— Problem requirements —
The listing, minus its pictures, is to be given again exactly.

=====

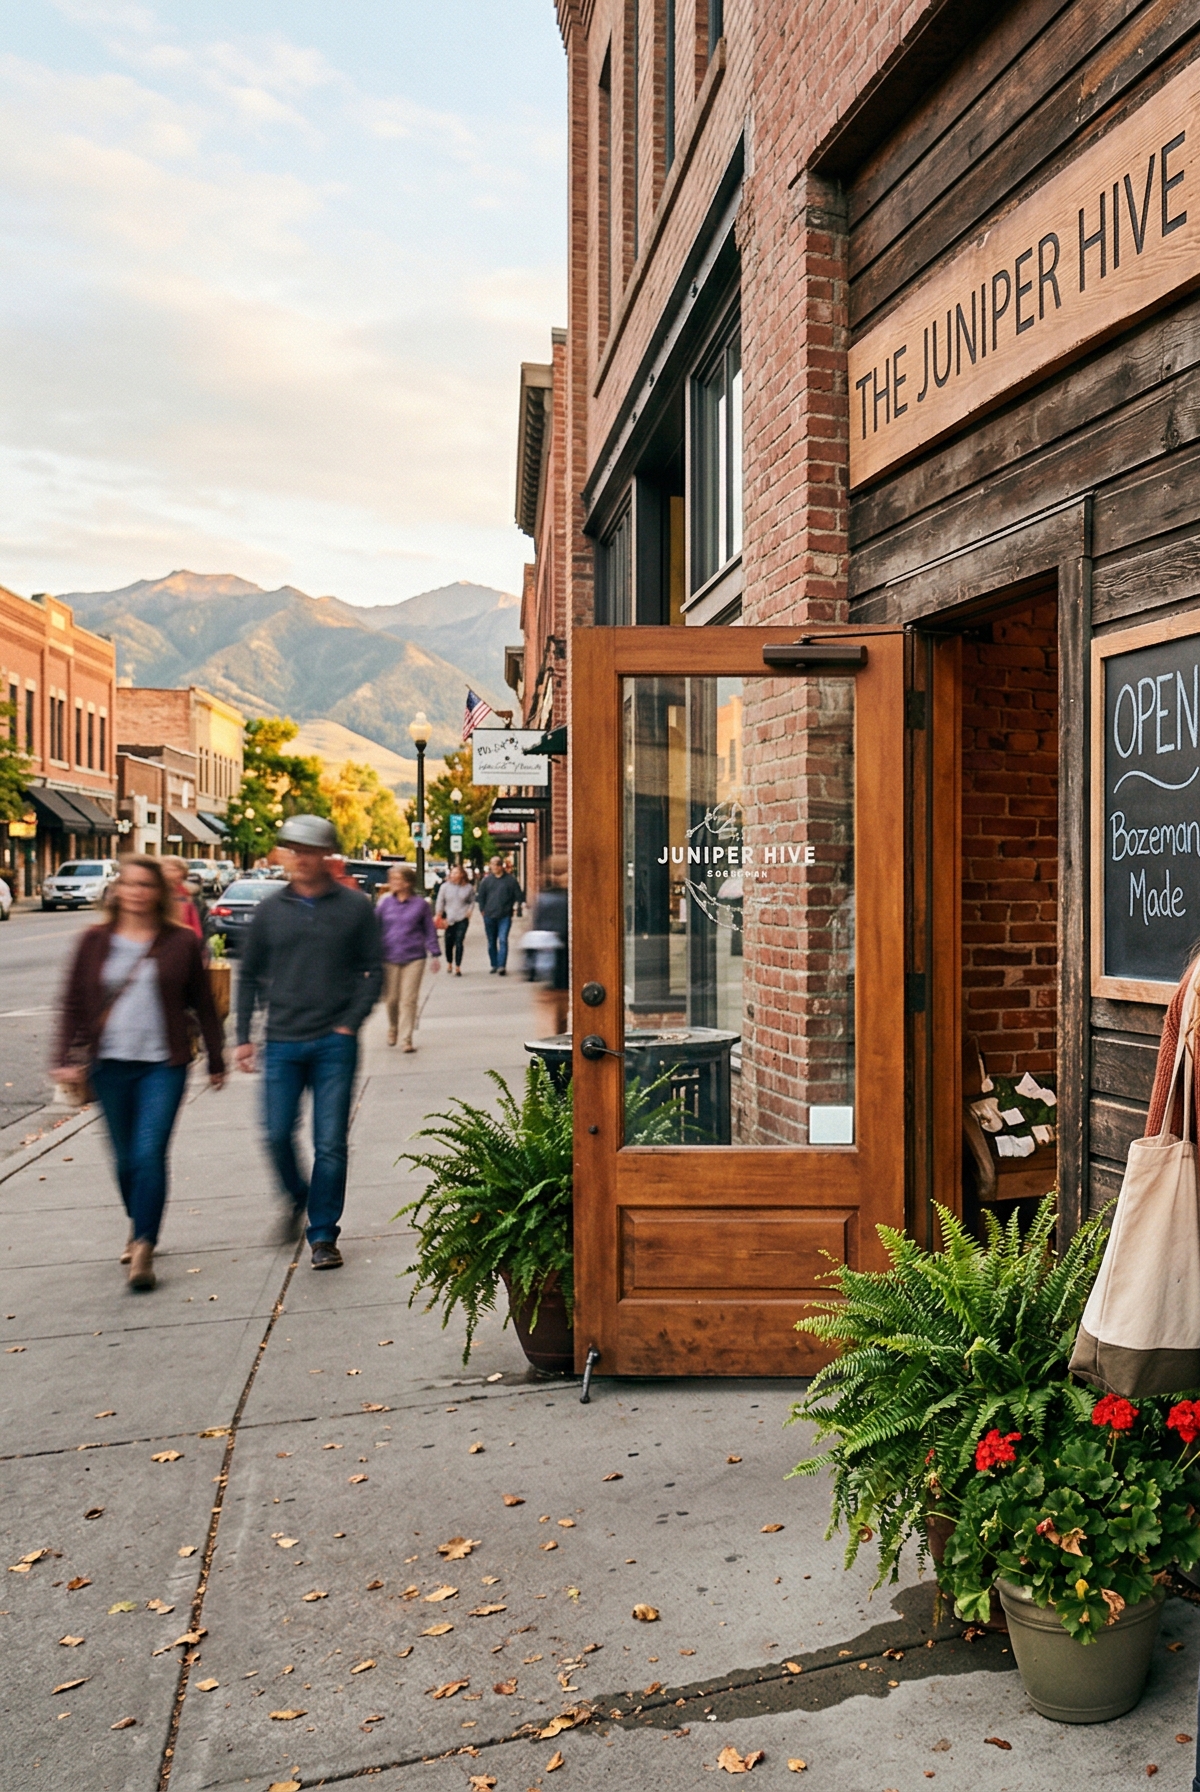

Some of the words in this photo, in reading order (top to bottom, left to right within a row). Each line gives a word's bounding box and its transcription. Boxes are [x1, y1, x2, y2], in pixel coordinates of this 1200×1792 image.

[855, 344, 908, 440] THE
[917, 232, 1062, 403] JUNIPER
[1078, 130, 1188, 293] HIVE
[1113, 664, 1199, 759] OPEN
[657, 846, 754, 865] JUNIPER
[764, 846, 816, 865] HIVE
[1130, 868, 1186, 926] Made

=====

— Written answer —
Some of the words in this photo, in reading order (top to bottom, left to right within a row). Each line gives a word's bounding box and its transcription. Boxes are [x1, y1, x2, y2], in pixel coordinates of this 1200×1792 image.

[855, 344, 908, 440] THE
[917, 232, 1062, 403] JUNIPER
[1078, 130, 1188, 293] HIVE
[1113, 664, 1199, 759] OPEN
[657, 846, 754, 865] JUNIPER
[764, 846, 816, 865] HIVE
[1130, 868, 1186, 926] Made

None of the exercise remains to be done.